We regularly represent Oregon marijuana licensees in administrative proceedings commenced by the Oregon Liquor Control Commission (OLCC). As anyone with a license knows, the OLCC regulates medical and recreational cannabis in Oregon. This includes enforcing the administrative rules against licensees when the OLCC believes a licensee has violated the administrative rules found in Chapter 845, Division 25.
When the OLCC believes a licensee has violated a rule, it issues a “charging document.” (See What to Do If You Receive an OLCC Notice of Proposed License Cancellation or Other “Charging Document.) The charging documents is akin to a complaint in civil litigation, or an indictment in a criminal proceeding, in that the OLCC recites the facts leading to its conclusion that one or more rules have been violated, cites the particular rules at issue, and the proposed sanction.
If the licensee disputes the charges, the licensee can request an administrative hearing which is essentially a trial before an administrative law judge. But the evidentiary and procedural rules for administrative hearings differ from ordinary civil litigation. (See here re discovery.) Generally speaking, the usual rules of evidence do not apply, instead the admissibility of evidence is governed by a more liberal reliability standard.

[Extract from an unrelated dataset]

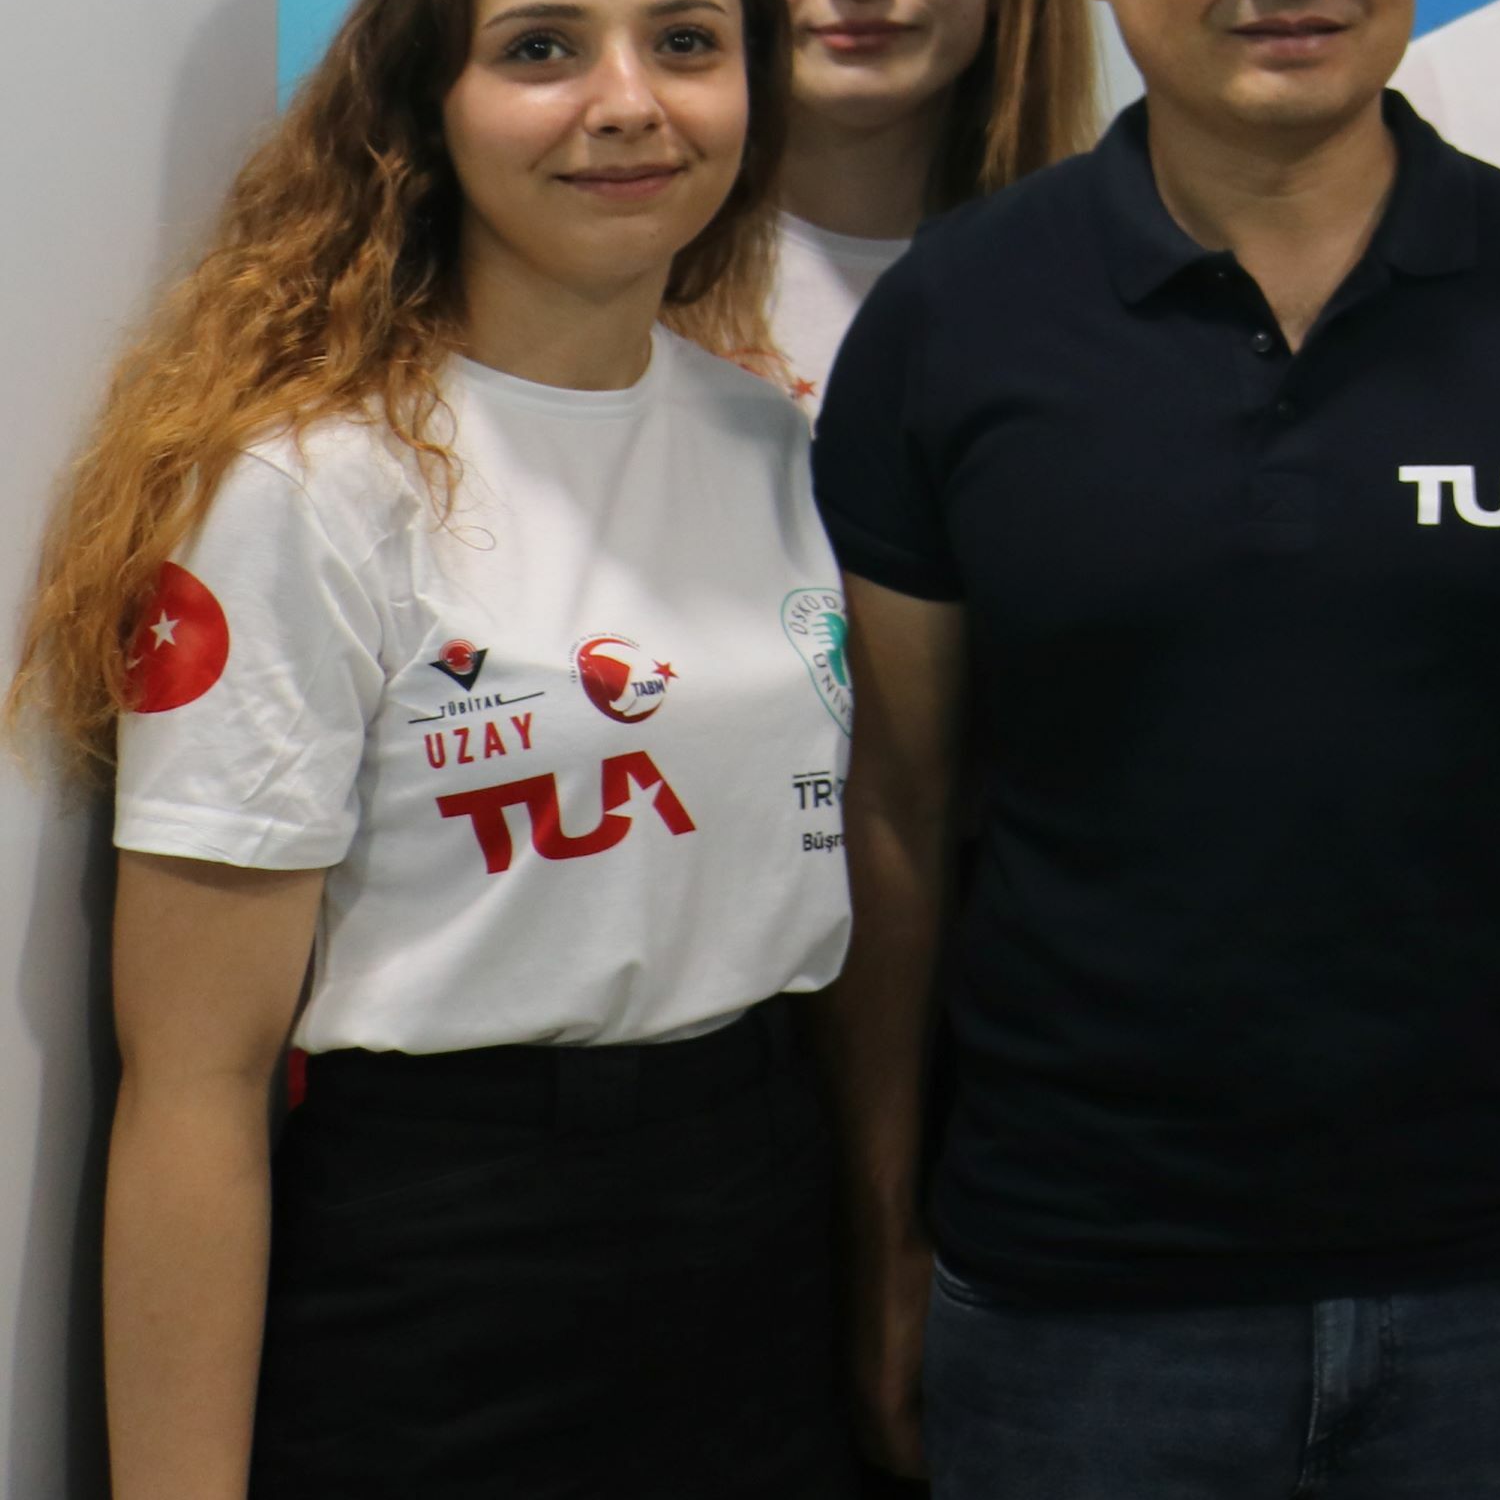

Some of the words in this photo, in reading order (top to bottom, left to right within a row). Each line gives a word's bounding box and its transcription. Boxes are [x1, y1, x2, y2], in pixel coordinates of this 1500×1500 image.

A critical difference is that Rule 408 of the Oregon Evidence Code does not plainly apply to OLCC administrative proceedings.
What is Rule 408?
Rule 408 provides all civil litigants two important protections. First – Rule 408 provides that evidence of conduct or statements made in compromise negotiations are not admissible. Put differently, a party in civil litigation cannot admit statements at trial, or at any other hearing, made in the context of settlement. Second – Rule 408 provides that evidence of furnishing or promising to furnish, or promising to accept, consideration in compromising or attempting to compromise a dispute claims is not admissible to prove liability. In simpler terms, a party cannot prove its case at trial – i.e. that the other side is liable – by admitting settlement offers.
(There are limits, of course, to the protections provided by Rule 408 but I won’t go into those here).
Why does Rule 408 matter?
The importance of Rule 408 in modern civil litigation cannot be understated. Nearly every civil case ends in a settlement and every jurisdiction in the United States, to my knowledge, has adopted some version of Rule 408. A principal reason is that thanks to Rule 408, parties and their counsel can engage in frank and open discussions with their opponents without the risk that “anything they say can and will be used against them.” Indeed, Rule 408 was adopted to encourage settlement, which would be discouraged if evidence of negotiations and offers were admissible.
The reality is that without Rule 408, attorneys could not reasonably engage in meaningful settlement negotiations. Practically every frank discussion on resolving a dispute begins with a lawyer saying something along the lines of “This is a communication made under Rule 408.” By doing so, the lawyers and the parties can freely discuss ways to resolve the case without the fear of an offer to settle or the statements made in the course of settlement discussions coming back to haunt them at trial.
What about the OLCC and Rule 408?
Like civil litigation, nearly all proceedings commenced by an OLCC charging document are resolved through settlement. But the OLCC has taken the position (informally) that Rule 408 does not apply. As a result, anything a licensee or their attorney says to the OLCC in an effort to resolve the proceeding may later be used by the OLCC against the licensee.
This is a terrible policy position in my opinion. That is because it strongly disincentives attorneys and licensees from engaging in frank and open discussions with the OLCC on resolving an alleged rule violation. On the one hand, the OLCC claims to seek “willing partners” in the cannabis industry. But on the other hand, the OLCC (informal) policy sends a strong message that “anything you say can and will be used against you.”
In light of this policy, the safe bet is for licensees to say very little, or nothing at all, when it comes to settlement negotiations with the OLCC. By declining to treat settlement negotiations as inadmissible, whether generally or in any particular matter, the OLCC is taking an incredibly adversarial position towards its licensees. And the OLCC is encouraging licensees to take a very adversarial stance toward the OLCC for any alleged rule violation since a licensee cannot engage in frank and open discussion.
Although the OLCC cannot unilaterally decide to adopt Rule 408, the OLCC can agree to treat settlement discussions and offers of compromise as confidential and inadmissible. The OLCC should do so.